:: EXERCISE GOAL ::
Please output all the entries word for word, without the pictures.

:: GIVEN RECORDS ::
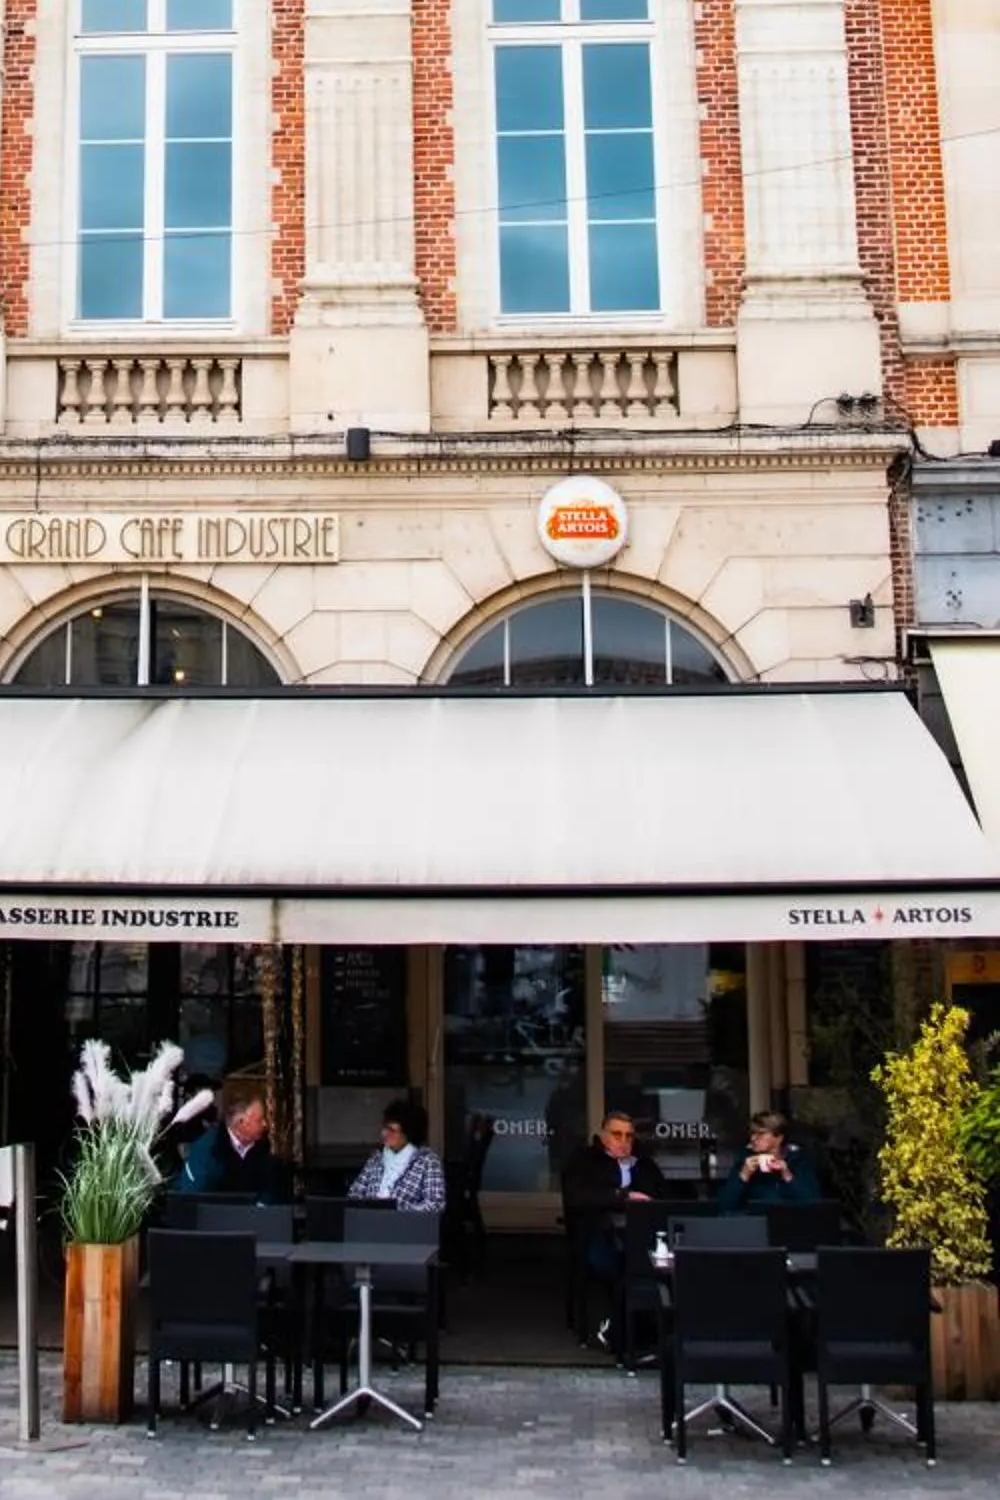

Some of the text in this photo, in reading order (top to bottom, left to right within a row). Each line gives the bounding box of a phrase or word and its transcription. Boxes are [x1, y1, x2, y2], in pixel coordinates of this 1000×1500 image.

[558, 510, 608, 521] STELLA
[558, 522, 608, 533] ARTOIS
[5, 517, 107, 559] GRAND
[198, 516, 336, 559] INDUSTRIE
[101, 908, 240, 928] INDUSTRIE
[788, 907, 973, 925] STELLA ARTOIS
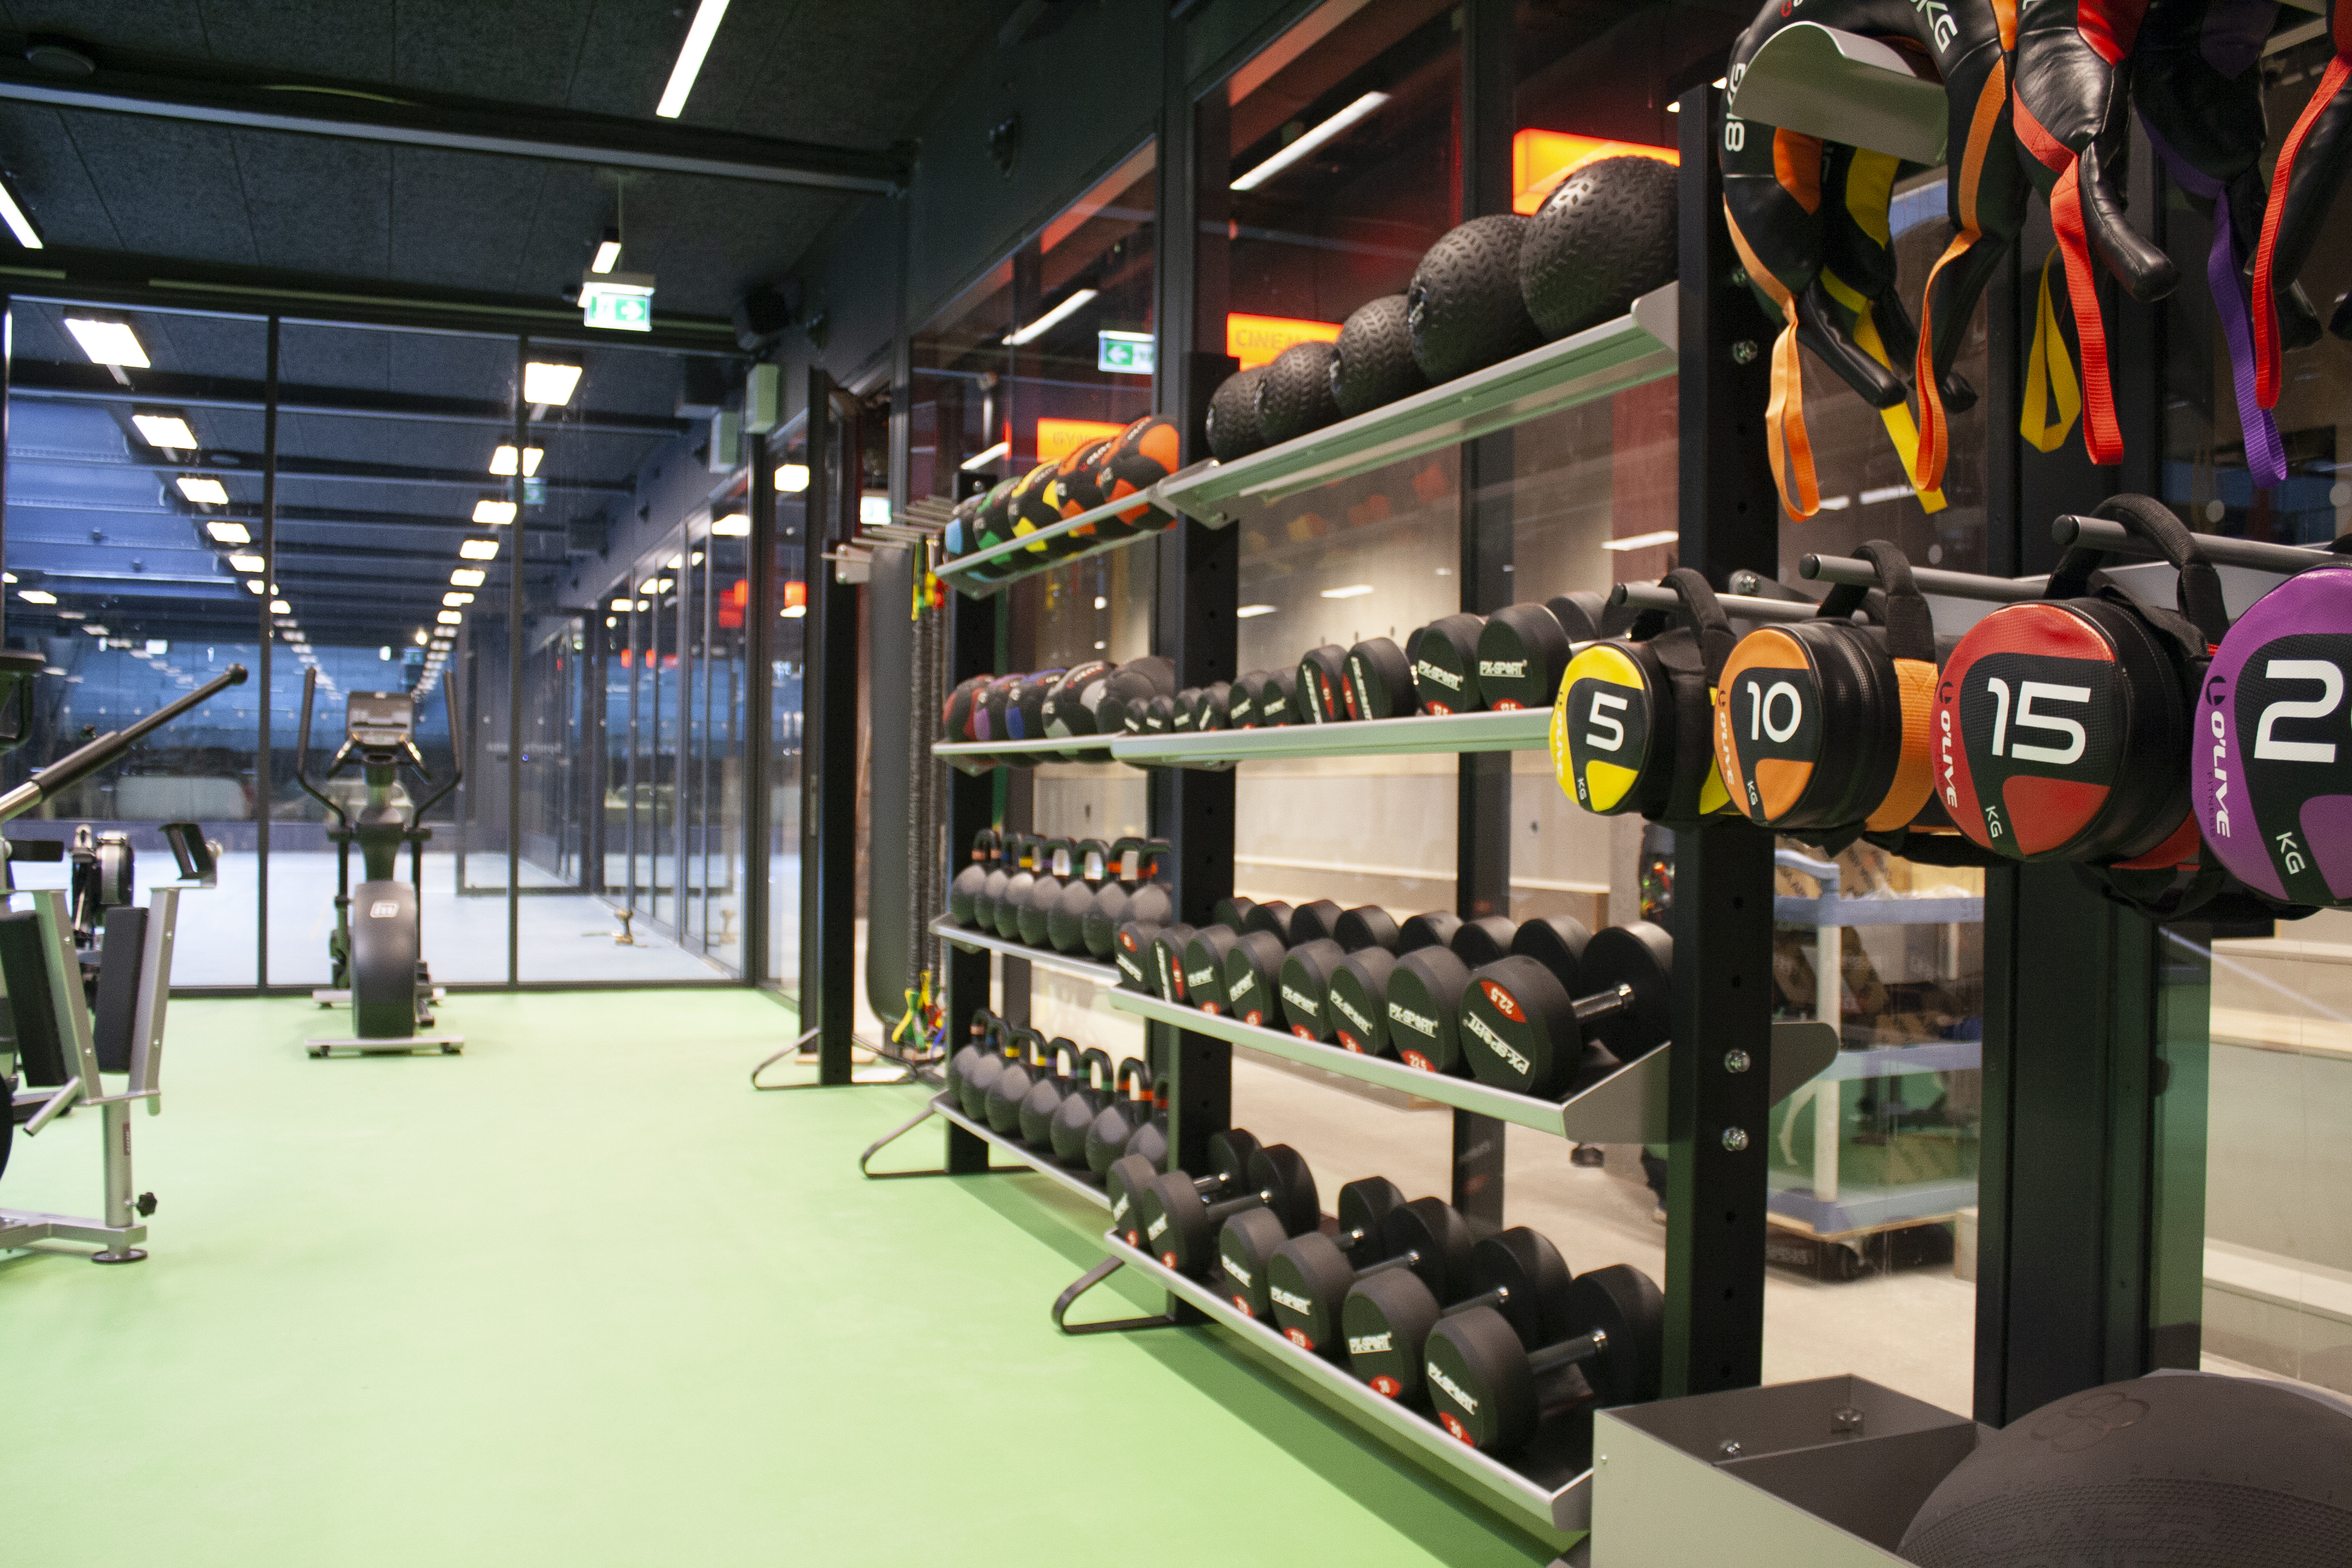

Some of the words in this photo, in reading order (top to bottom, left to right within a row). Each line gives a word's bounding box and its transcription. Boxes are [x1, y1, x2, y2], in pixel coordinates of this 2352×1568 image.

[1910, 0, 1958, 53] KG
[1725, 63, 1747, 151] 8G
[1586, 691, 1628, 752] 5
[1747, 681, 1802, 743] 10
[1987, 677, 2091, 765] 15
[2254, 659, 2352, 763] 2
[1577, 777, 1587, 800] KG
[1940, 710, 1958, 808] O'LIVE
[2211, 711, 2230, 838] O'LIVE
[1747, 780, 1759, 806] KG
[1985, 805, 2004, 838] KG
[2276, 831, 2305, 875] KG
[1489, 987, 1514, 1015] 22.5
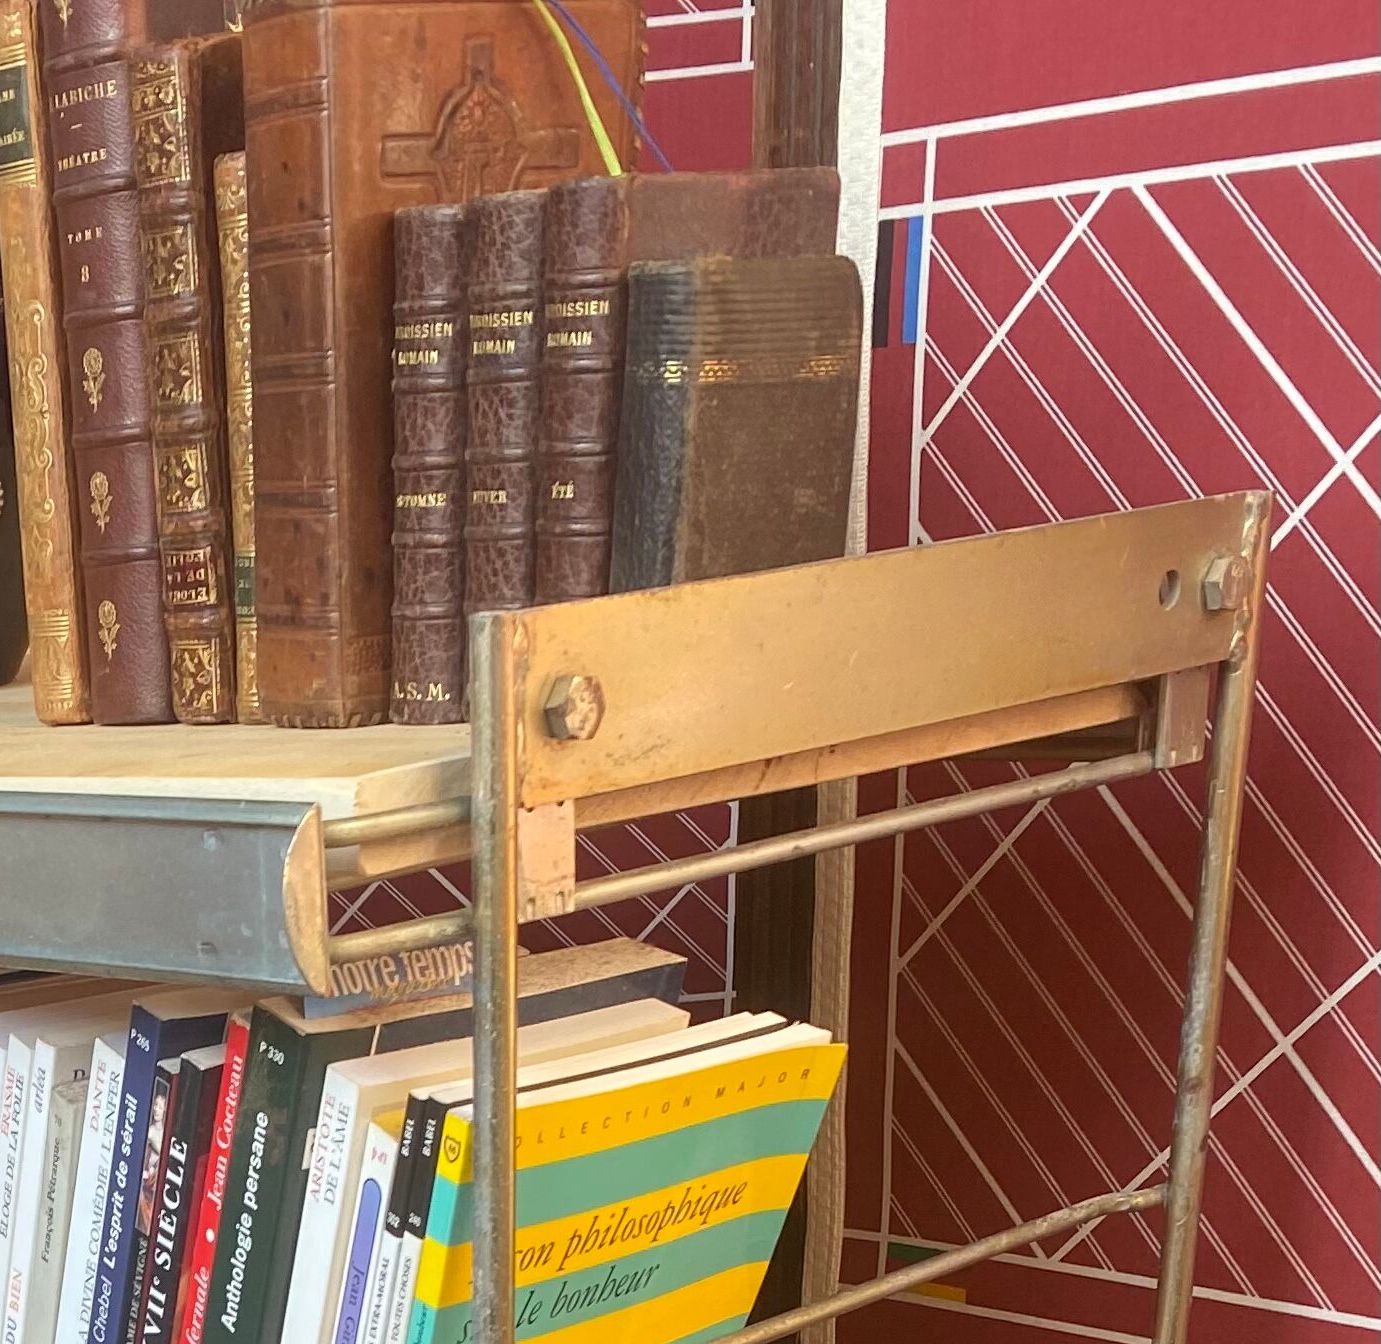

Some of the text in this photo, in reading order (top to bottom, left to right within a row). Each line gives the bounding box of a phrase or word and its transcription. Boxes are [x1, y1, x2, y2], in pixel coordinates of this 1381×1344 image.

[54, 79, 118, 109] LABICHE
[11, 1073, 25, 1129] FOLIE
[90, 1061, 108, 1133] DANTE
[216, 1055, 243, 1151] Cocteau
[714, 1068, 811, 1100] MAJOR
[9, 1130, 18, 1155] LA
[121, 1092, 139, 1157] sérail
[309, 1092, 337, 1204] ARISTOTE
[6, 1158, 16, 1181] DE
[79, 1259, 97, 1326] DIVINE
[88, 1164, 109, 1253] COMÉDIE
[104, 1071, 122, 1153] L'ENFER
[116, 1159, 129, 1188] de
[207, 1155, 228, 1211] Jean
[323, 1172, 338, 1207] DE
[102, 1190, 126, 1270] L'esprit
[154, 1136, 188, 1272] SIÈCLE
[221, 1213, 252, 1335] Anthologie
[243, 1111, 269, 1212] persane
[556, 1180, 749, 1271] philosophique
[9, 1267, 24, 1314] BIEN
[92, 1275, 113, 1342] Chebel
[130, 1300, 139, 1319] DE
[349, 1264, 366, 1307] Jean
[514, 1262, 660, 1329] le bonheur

:: SOLUTION TO THE PROBLEM ::
Some of the text in this photo, in reading order (top to bottom, left to right within a row). Each line gives the bounding box of a phrase or word and its transcription. Boxes are [x1, y1, x2, y2], in pixel coordinates of this 1000×1500 image.

[558, 510, 608, 521] STELLA
[558, 522, 608, 533] ARTOIS
[5, 517, 107, 559] GRAND
[198, 516, 336, 559] INDUSTRIE
[101, 908, 240, 928] INDUSTRIE
[788, 907, 973, 925] STELLA ARTOIS

Some of the words in this photo, in reading order (top to bottom, left to right within a row). Each line gives a word's bounding box and its transcription. Boxes are [x1, y1, x2, y2], in pixel coordinates of this 2352×1568 image.

[1910, 0, 1958, 53] KG
[1725, 63, 1747, 151] 8G
[1586, 691, 1628, 752] 5
[1747, 681, 1802, 743] 10
[1987, 677, 2091, 765] 15
[2254, 659, 2352, 763] 2
[1577, 777, 1587, 800] KG
[1940, 710, 1958, 808] O'LIVE
[2211, 711, 2230, 838] O'LIVE
[1747, 780, 1759, 806] KG
[1985, 805, 2004, 838] KG
[2276, 831, 2305, 875] KG
[1489, 987, 1514, 1015] 22.5

Some of the text in this photo, in reading order (top to bottom, left to right within a row). Each line gives the bounding box of a phrase or word and its transcription. Boxes are [x1, y1, x2, y2], in pixel coordinates of this 1381×1344 image.

[54, 79, 118, 109] LABICHE
[11, 1073, 25, 1129] FOLIE
[90, 1061, 108, 1133] DANTE
[216, 1055, 243, 1151] Cocteau
[714, 1068, 811, 1100] MAJOR
[9, 1130, 18, 1155] LA
[121, 1092, 139, 1157] sérail
[309, 1092, 337, 1204] ARISTOTE
[6, 1158, 16, 1181] DE
[79, 1259, 97, 1326] DIVINE
[88, 1164, 109, 1253] COMÉDIE
[104, 1071, 122, 1153] L'ENFER
[116, 1159, 129, 1188] de
[207, 1155, 228, 1211] Jean
[323, 1172, 338, 1207] DE
[102, 1190, 126, 1270] L'esprit
[154, 1136, 188, 1272] SIÈCLE
[221, 1213, 252, 1335] Anthologie
[243, 1111, 269, 1212] persane
[556, 1180, 749, 1271] philosophique
[9, 1267, 24, 1314] BIEN
[92, 1275, 113, 1342] Chebel
[130, 1300, 139, 1319] DE
[349, 1264, 366, 1307] Jean
[514, 1262, 660, 1329] le bonheur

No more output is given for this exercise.